• [Work order]: From the first line to the last, print the material exactly, skipping the pictures.

··· Records shown

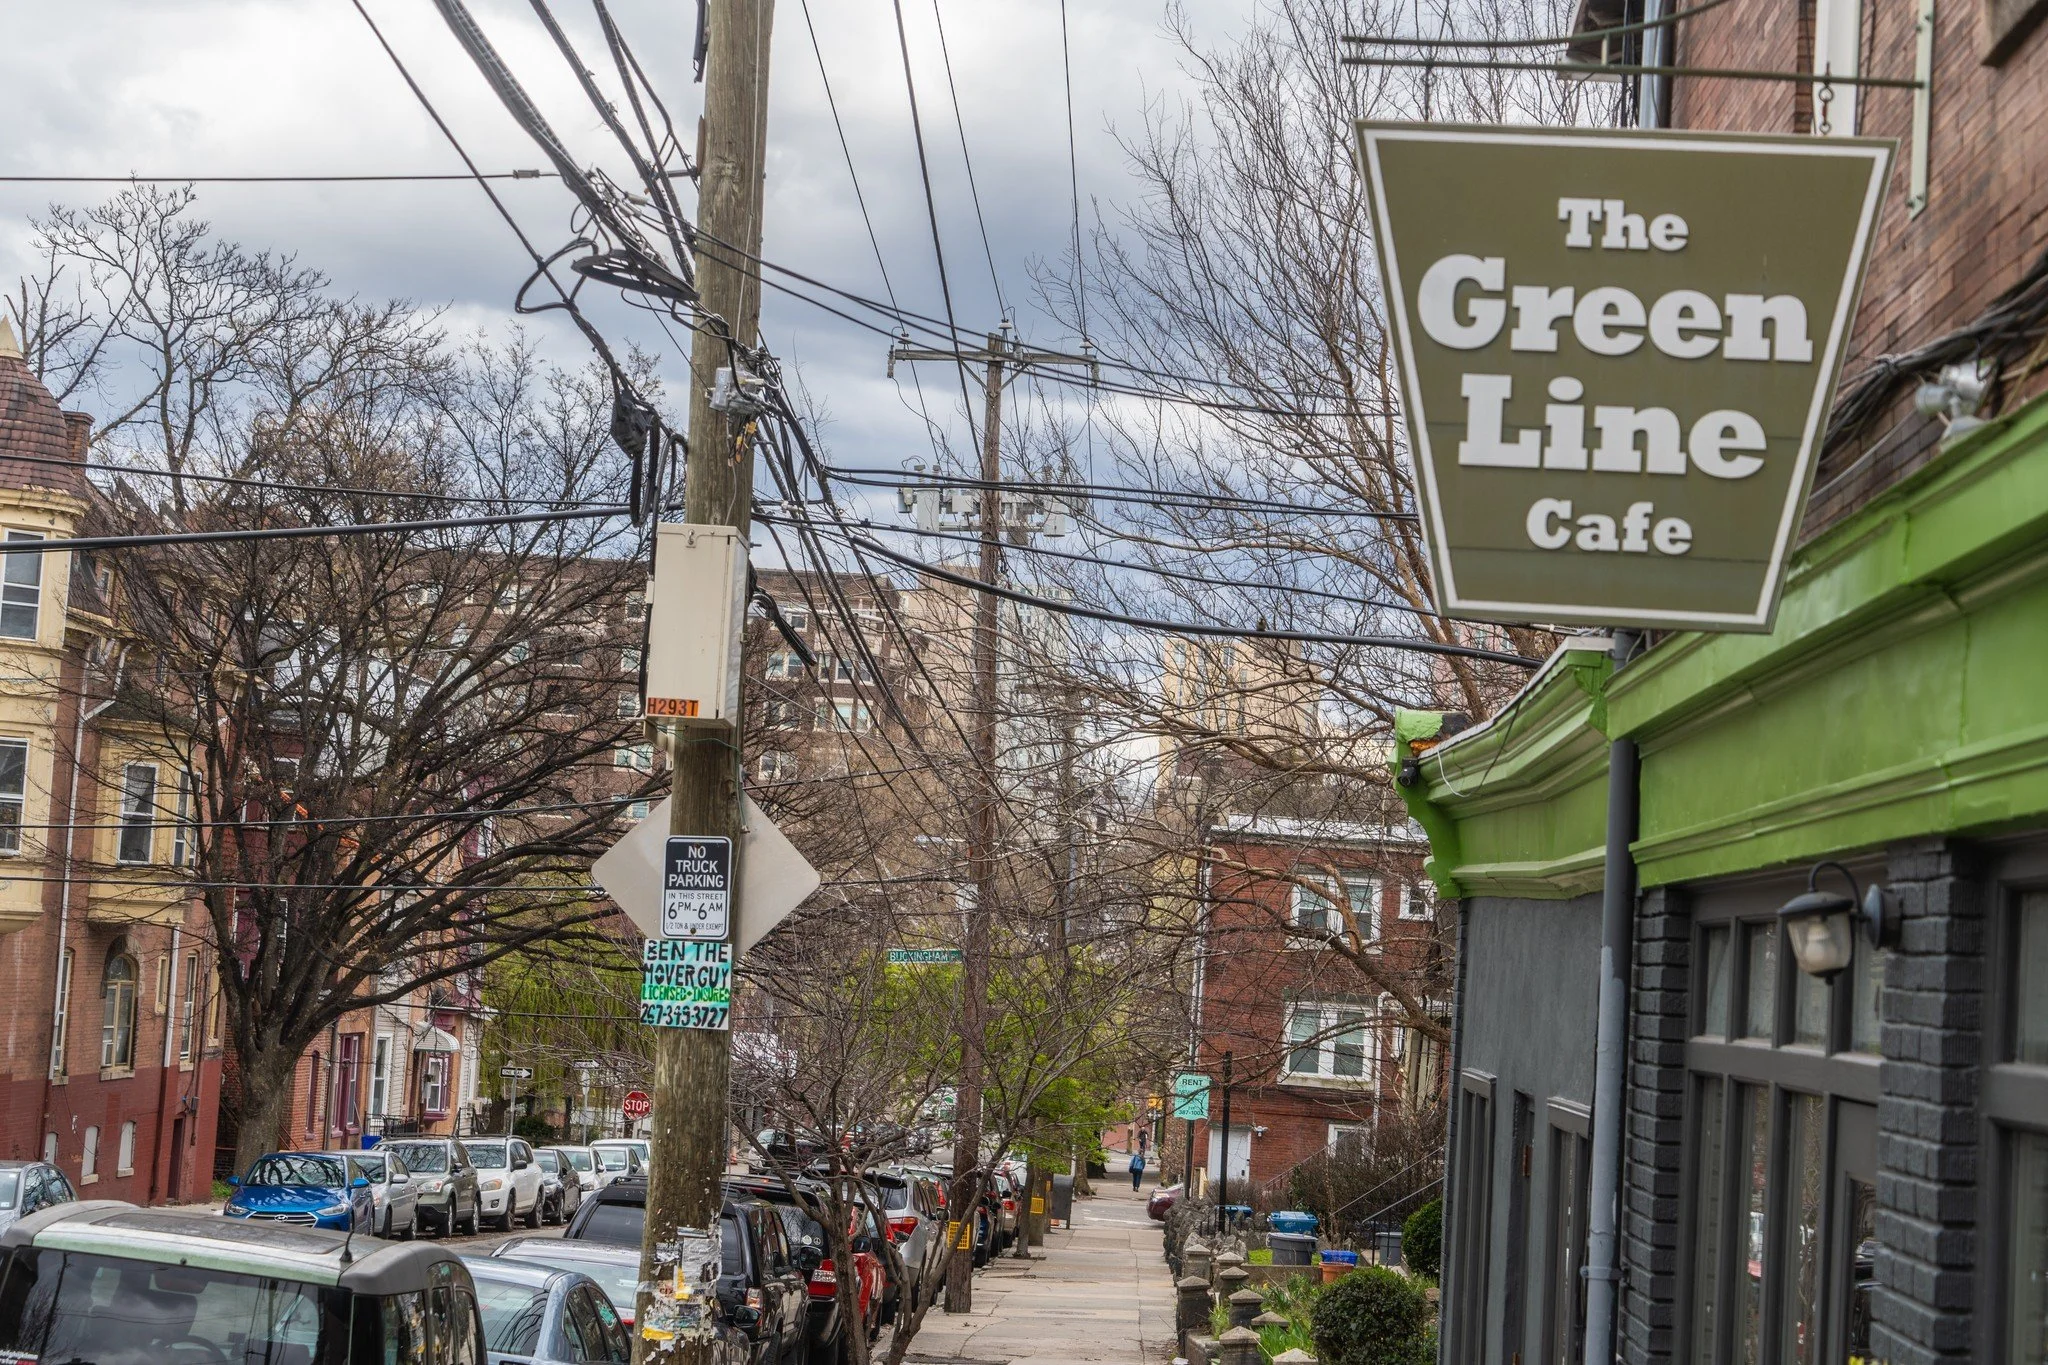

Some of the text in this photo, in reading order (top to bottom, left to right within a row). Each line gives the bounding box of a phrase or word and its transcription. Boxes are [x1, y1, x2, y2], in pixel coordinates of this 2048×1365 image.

[1557, 197, 1689, 251] The
[1417, 253, 1813, 363] Green
[1458, 373, 1767, 480] Line
[1526, 497, 1693, 556] Cafe
[647, 698, 699, 717] H293T
[688, 846, 706, 858] NO
[676, 860, 718, 873] TRUCK
[669, 875, 724, 888] PARKING
[647, 940, 729, 963] BEN THE
[889, 951, 948, 962] BUCKINGHAM
[643, 963, 729, 989] MOVER GUY
[625, 1101, 650, 1112] STOP

······

• [Exercise solution]:
Some of the text in this photo, in reading order (top to bottom, left to right within a row). Each line gives the bounding box of a phrase or word and its transcription. Boxes are [x1, y1, x2, y2], in pixel coordinates of this 2048×1365 image.

[1557, 197, 1689, 251] The
[1417, 253, 1813, 363] Green
[1458, 373, 1767, 480] Line
[1526, 497, 1693, 556] Cafe
[647, 698, 699, 717] H293T
[688, 846, 706, 858] NO
[676, 860, 718, 873] TRUCK
[669, 875, 724, 888] PARKING
[647, 940, 729, 963] BEN THE
[889, 951, 948, 962] BUCKINGHAM
[643, 963, 729, 989] MOVER GUY
[625, 1101, 650, 1112] STOP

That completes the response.